Activity:
An exact copy of every record, without the pictures, is what should come back.

Spatial localization data
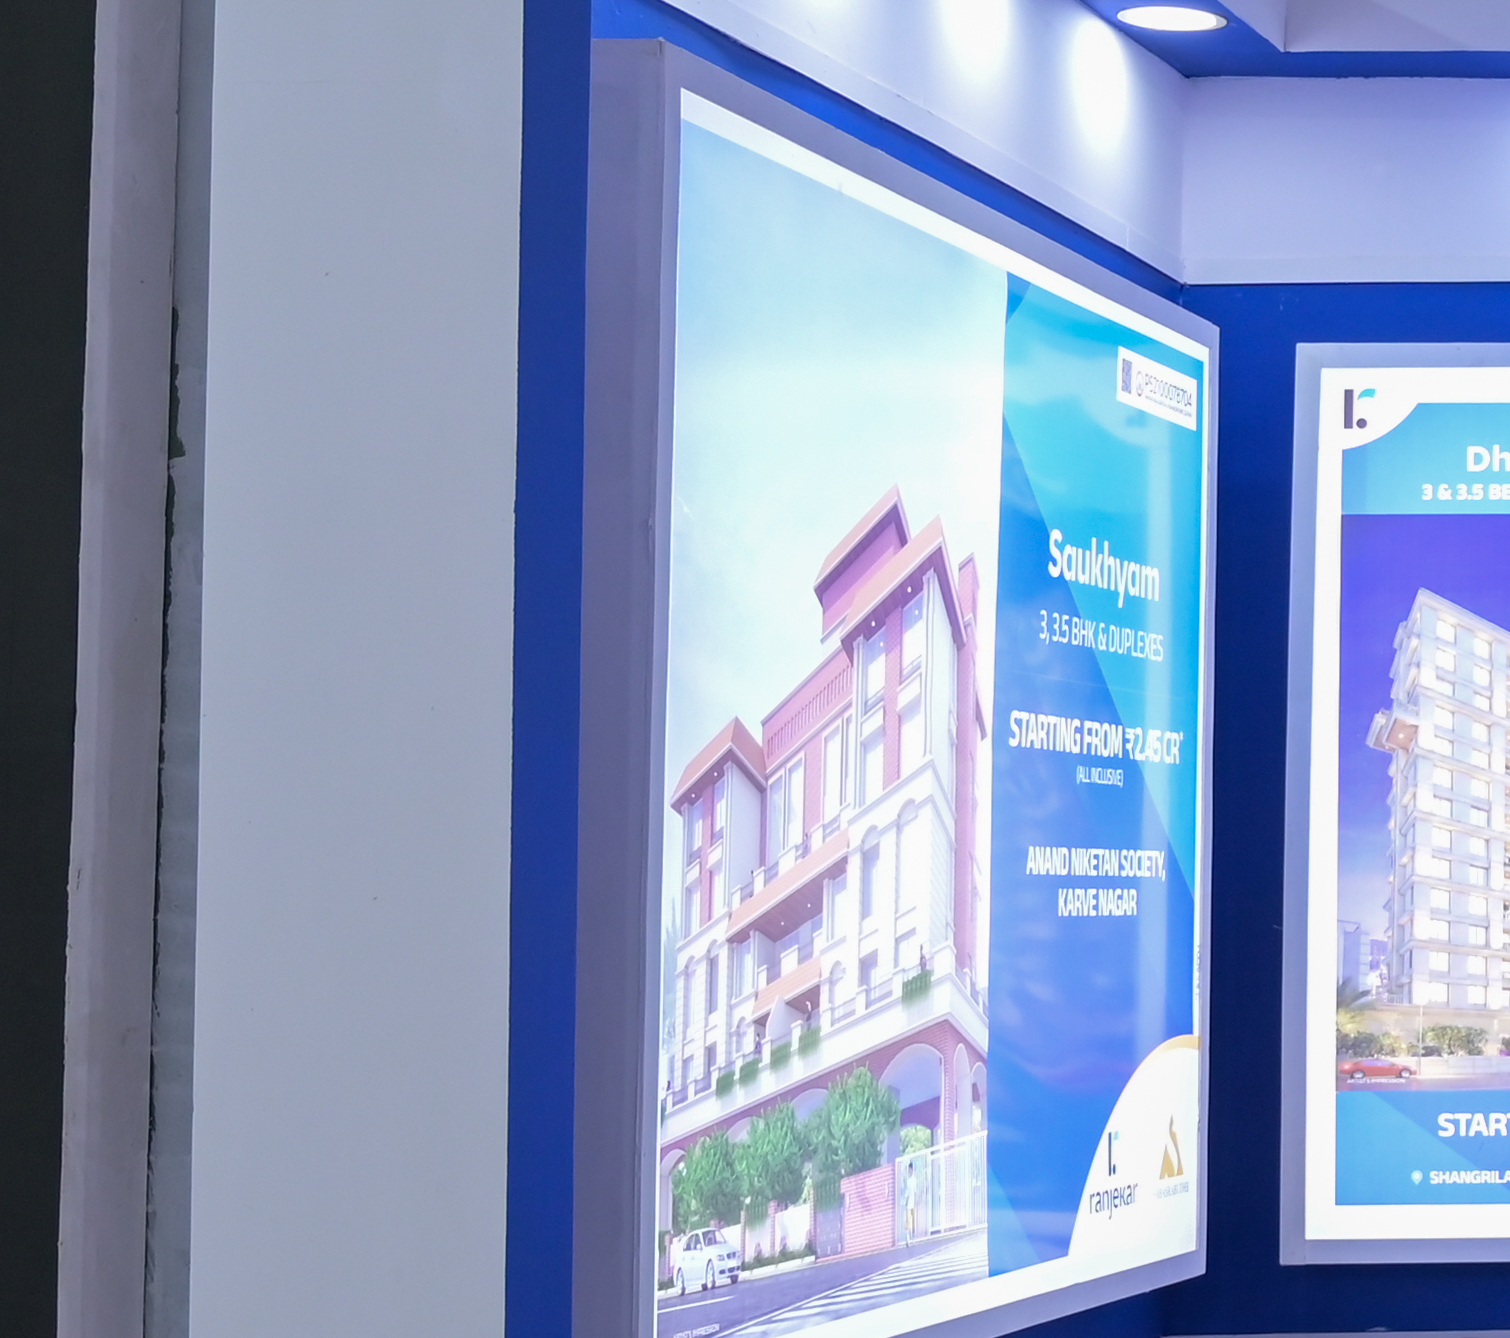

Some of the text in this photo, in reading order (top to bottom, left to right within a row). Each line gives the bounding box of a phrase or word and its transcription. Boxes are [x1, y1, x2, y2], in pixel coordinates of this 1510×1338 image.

[1421, 483, 1433, 501] 3
[1437, 483, 1453, 501] &
[1456, 483, 1484, 501] 3.5
[1047, 528, 1160, 609] Saukhyam
[1039, 609, 1165, 662] 3, 3.5 BHK & DUPLEXES
[1008, 710, 1081, 755] STARTING
[1083, 720, 1123, 759] FROM
[1026, 845, 1166, 883] ANAND NIKETAN SOCIETY,
[1058, 888, 1138, 917] KARVE NAGAR
[1089, 1183, 1138, 1220] ranjekar

Result of the task:
Some of the text in this photo, in reading order (top to bottom, left to right within a row). Each line gives the bounding box of a phrase or word and its transcription. Boxes are [x1, y1, x2, y2], in pixel coordinates of this 1510×1338 image.

[1421, 483, 1433, 501] 3
[1437, 483, 1453, 501] &
[1456, 483, 1484, 501] 3.5
[1047, 528, 1160, 609] Saukhyam
[1039, 609, 1165, 662] 3, 3.5 BHK & DUPLEXES
[1008, 710, 1081, 755] STARTING
[1083, 720, 1123, 759] FROM
[1026, 845, 1166, 883] ANAND NIKETAN SOCIETY,
[1058, 888, 1138, 917] KARVE NAGAR
[1089, 1183, 1138, 1220] ranjekar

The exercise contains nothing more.